Wang Chunhua, Chen Xiaoyu, Luo Hongbing, Liu Yuanyuan, Meng Ruirui, Wang Min, Liu Siyun, Xu Guohui, Ren Jing, Zhou Peng
Department of Radiology, Sichuan Cancer Hospital and Institute, Sichuan Cancer Center, School of Medicine, University of Electronic Science and Technology of China, Chengdu, China.
Pharmaceutical Diagnostics, General Electric (GE) Company (Healthcare), Beijing, China.
Front Oncol. 2021 Nov 8;11:754843. doi: 10.3389/fonc.2021.754843. eCollection 2021.
To develop and internally validate a nomogram combining radiomics signature of primary tumor and fibroglandular tissue (FGT) based on pharmacokinetic dynamic contrast-enhanced magnetic resonance imaging (DCE-MRI) and clinical factors for preoperative prediction of sentinel lymph node (SLN) status in breast cancer patients.
This study retrospectively enrolled 186 breast cancer patients who underwent pretreatment pharmacokinetic DCE-MRI with positive ( = 93) and negative ( = 93) SLN. Logistic regression models and radiomics signatures of tumor and FGT were constructed after feature extraction and selection. The radiomics signatures were further combined with independent predictors of clinical factors for constructing a combined model. Prediction performance was assessed by receiver operating characteristic (ROC), calibration, and decision curve analysis. The areas under the ROC curve (AUCs) of models were corrected by 1,000-times bootstrapping method and compared by Delong's test. The added value of each independent model or their combinations was also assessed by net reclassification improvement (NRI) and integrated discrimination improvement (IDI) indices. This report referred to the "Transparent Reporting of a multivariable prediction model for Individual Prognosis Or Diagnosis" (TRIPOD) statement.
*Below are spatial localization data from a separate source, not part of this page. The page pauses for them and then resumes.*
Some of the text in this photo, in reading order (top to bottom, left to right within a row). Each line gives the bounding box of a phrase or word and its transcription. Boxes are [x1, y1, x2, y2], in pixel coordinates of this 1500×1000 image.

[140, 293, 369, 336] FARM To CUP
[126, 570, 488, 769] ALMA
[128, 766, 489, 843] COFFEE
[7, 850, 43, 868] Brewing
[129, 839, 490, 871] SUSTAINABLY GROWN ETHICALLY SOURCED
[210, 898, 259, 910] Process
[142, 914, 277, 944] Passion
The AUCs of the tumor radiomic model (eight features) and the FGT radiomic model (three features) were 0.783 (95% confidence interval [CI], 0.717-0.849) and 0.680 (95% CI, 0.604-0.757), respectively. A higher AUC of 0.799 (95% CI, 0.737-0.862) was obtained by combining tumor and FGT radiomics signatures. By further combining tumor and FGT radiomics signatures with progesterone receptor (PR) status, a nomogram was developed and showed better discriminative ability for SLN status [AUC 0.839 (95% CI, 0.783-0.895)]. The IDI and NRI indices also showed significant improvement when combining tumor, FGT, and PR compared with each independent model or a combination of any two of them (all < 0.05).
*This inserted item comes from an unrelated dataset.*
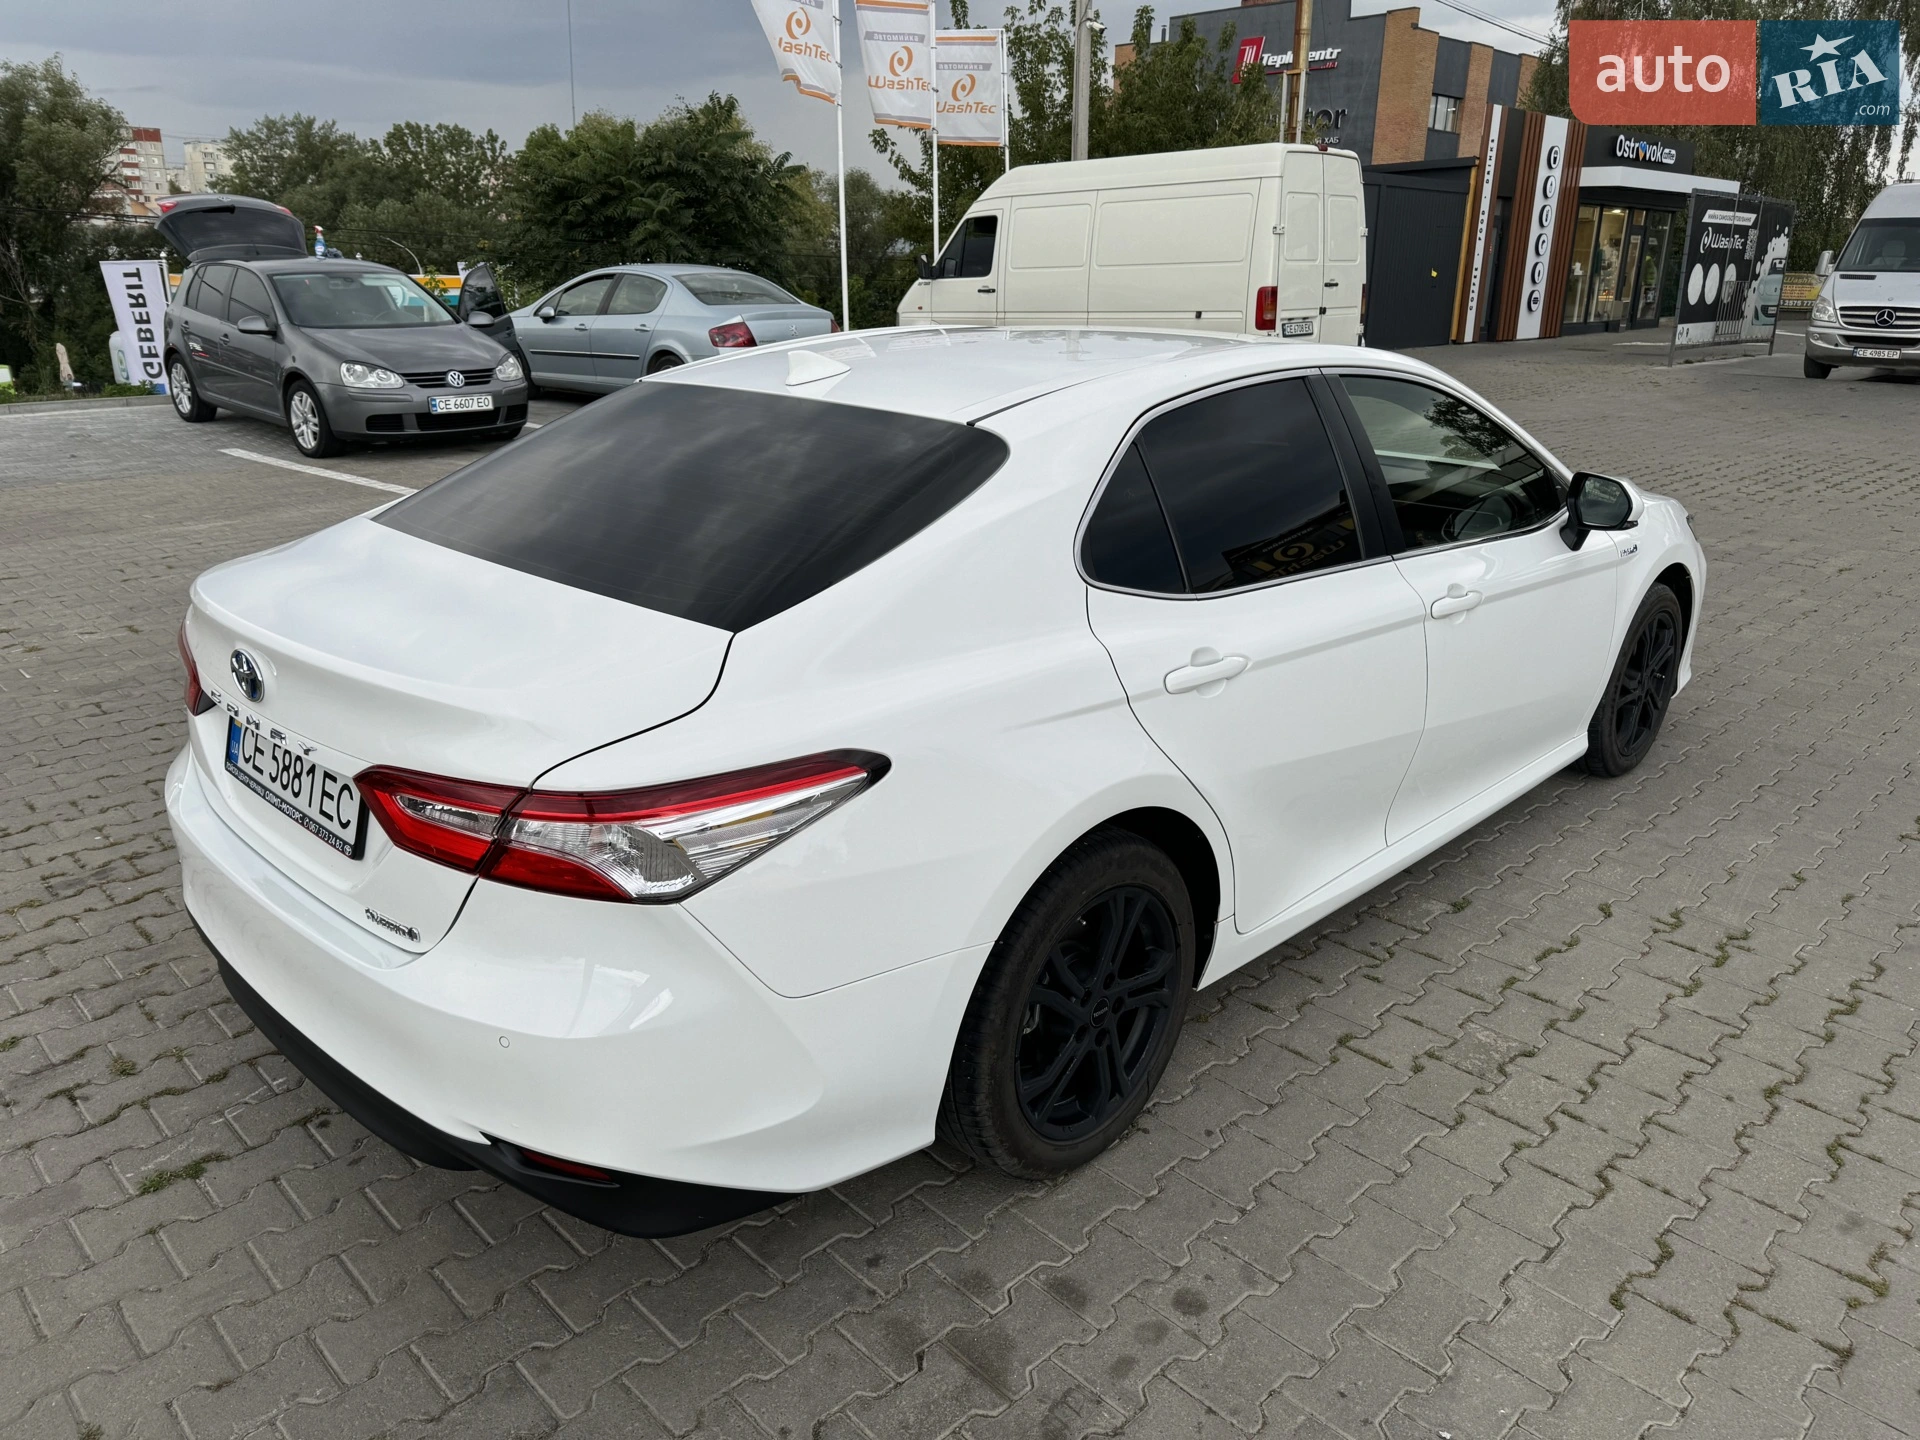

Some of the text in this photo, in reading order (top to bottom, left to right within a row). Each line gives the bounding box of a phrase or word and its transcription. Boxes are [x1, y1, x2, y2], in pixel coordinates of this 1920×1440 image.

FGT and clinical factors improved the prediction performance of SLN status in breast cancer. A nomogram integrating the DCE-MRI radiomics signature of tumor and FGT and PR expression achieved good performance for the prediction of SLN status, which provides a potential biomarker for clinical treatment decision-making.
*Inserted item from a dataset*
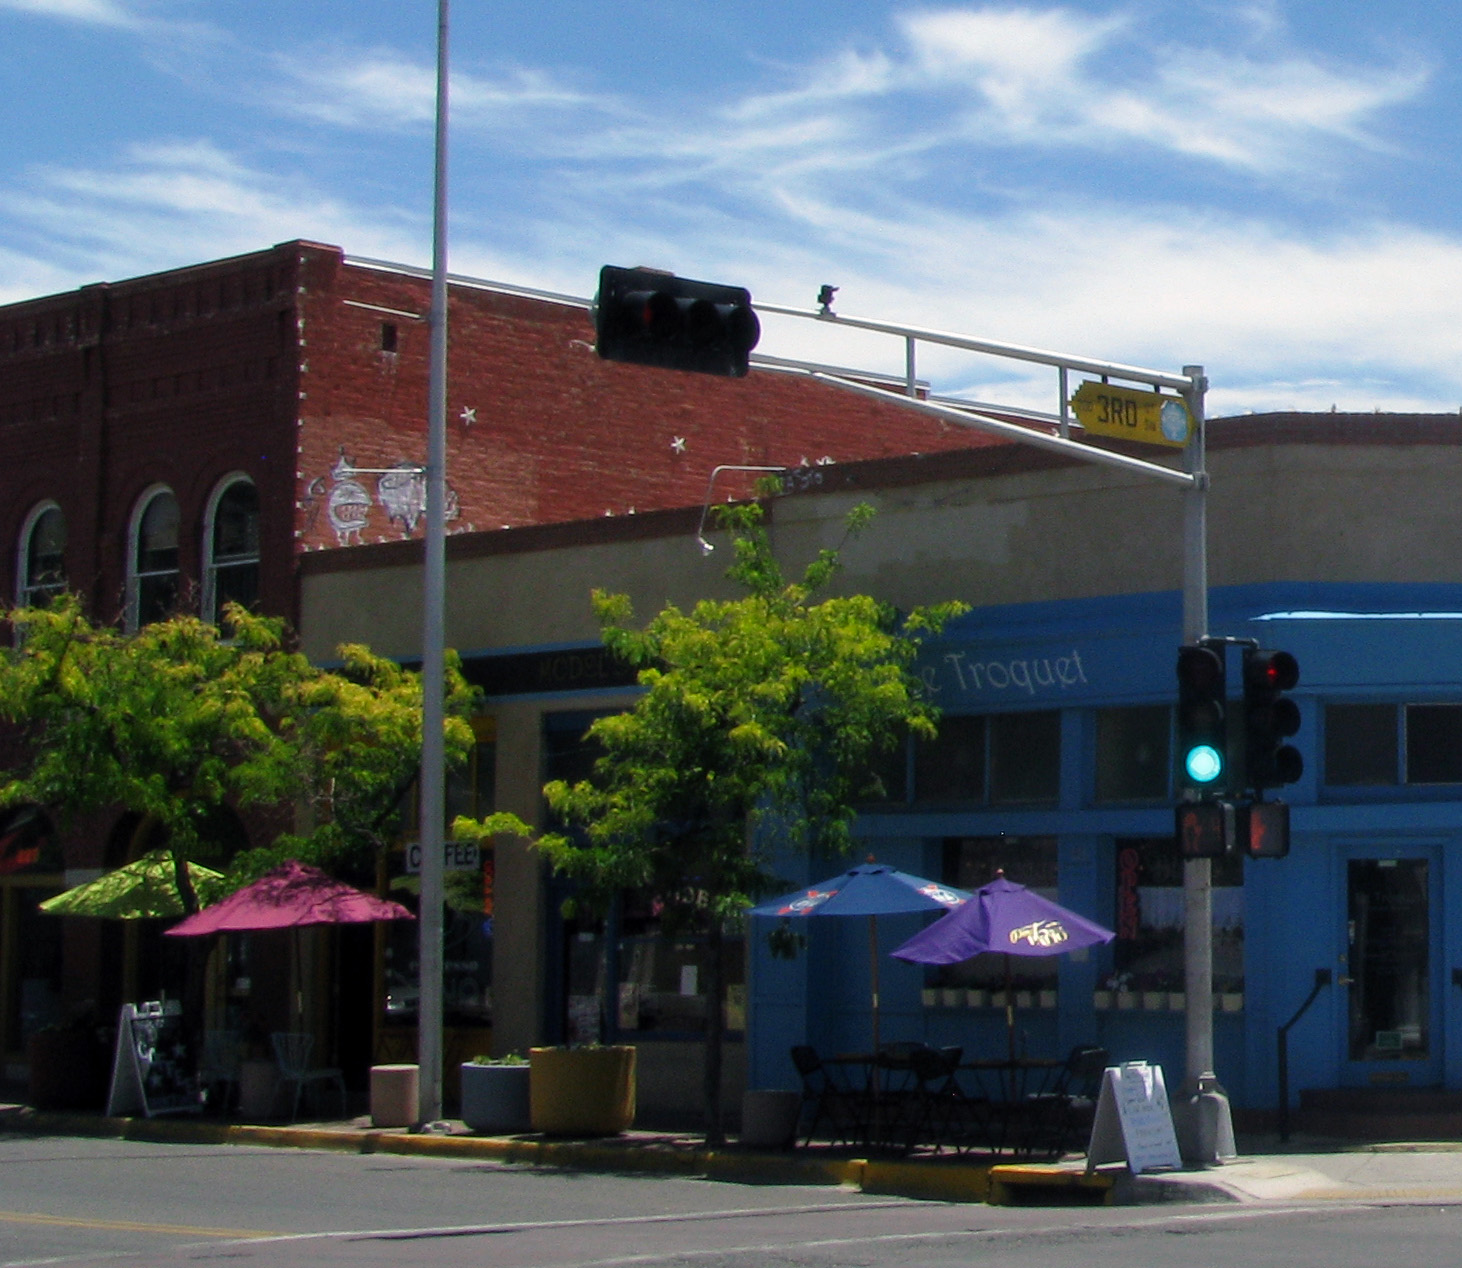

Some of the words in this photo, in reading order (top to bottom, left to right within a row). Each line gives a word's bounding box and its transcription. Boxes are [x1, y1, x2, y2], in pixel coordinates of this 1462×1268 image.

[1097, 395, 1137, 427] 3RD
[943, 649, 1088, 695] Troquet
[410, 843, 474, 868] CFEE
基于药代动力学动态对比增强磁共振成像(DCE-MRI)和临床因素,开发并内部验证一种列线图,该列线图结合原发性肿瘤和纤维腺组织(FGT)的放射组学特征,用于术前预测乳腺癌患者前哨淋巴结(SLN)状态。
本研究回顾性纳入了186例接受术前药代动力学DCE-MRI检查的乳腺癌患者,其中SLN阳性(=93)和阴性(=93)各93例。在进行特征提取和选择后,构建肿瘤和FGT的逻辑回归模型及放射组学特征。将放射组学特征与临床因素的独立预测因子进一步结合,构建联合模型。通过受试者操作特征(ROC)、校准和决策曲线分析评估预测性能。模型的ROC曲线下面积(AUC)采用1000次自抽样法校正,并通过德龙检验进行比较。每个独立模型或其组合的增加值也通过净重新分类改善(NRI)和综合判别改善(IDI)指数进行评估。本报告参考了“个体预后或诊断多变量预测模型的透明报告”(TRIPOD)声明。
肿瘤放射组学模型(8个特征)和FGT放射组学模型(3个特征)的AUC分别为0.783(95%置信区间[CI],0.717-0.849)和0.680(95%CI,0.604-0.757)。结合肿瘤和FGT放射组学特征可获得更高的AUC,为0.799(95%CI,0.737-0.862)。通过将肿瘤和FGT放射组学特征与孕激素受体(PR)状态进一步结合,开发出一种列线图,其对SLN状态具有更好的判别能力[AUC为0.839(95%CI,0.783-0.895)]。与每个独立模型或其中任意两个的组合相比,联合肿瘤、FGT和PR时,IDI和NRI指数也有显著改善(均<0.05)。
FGT和临床因素可提高乳腺癌SLN状态的预测性能。整合肿瘤和FGT的DCE-MRI放射组学特征及PR表达的列线图在预测SLN状态方面表现良好,为临床治疗决策提供了潜在的生物标志物。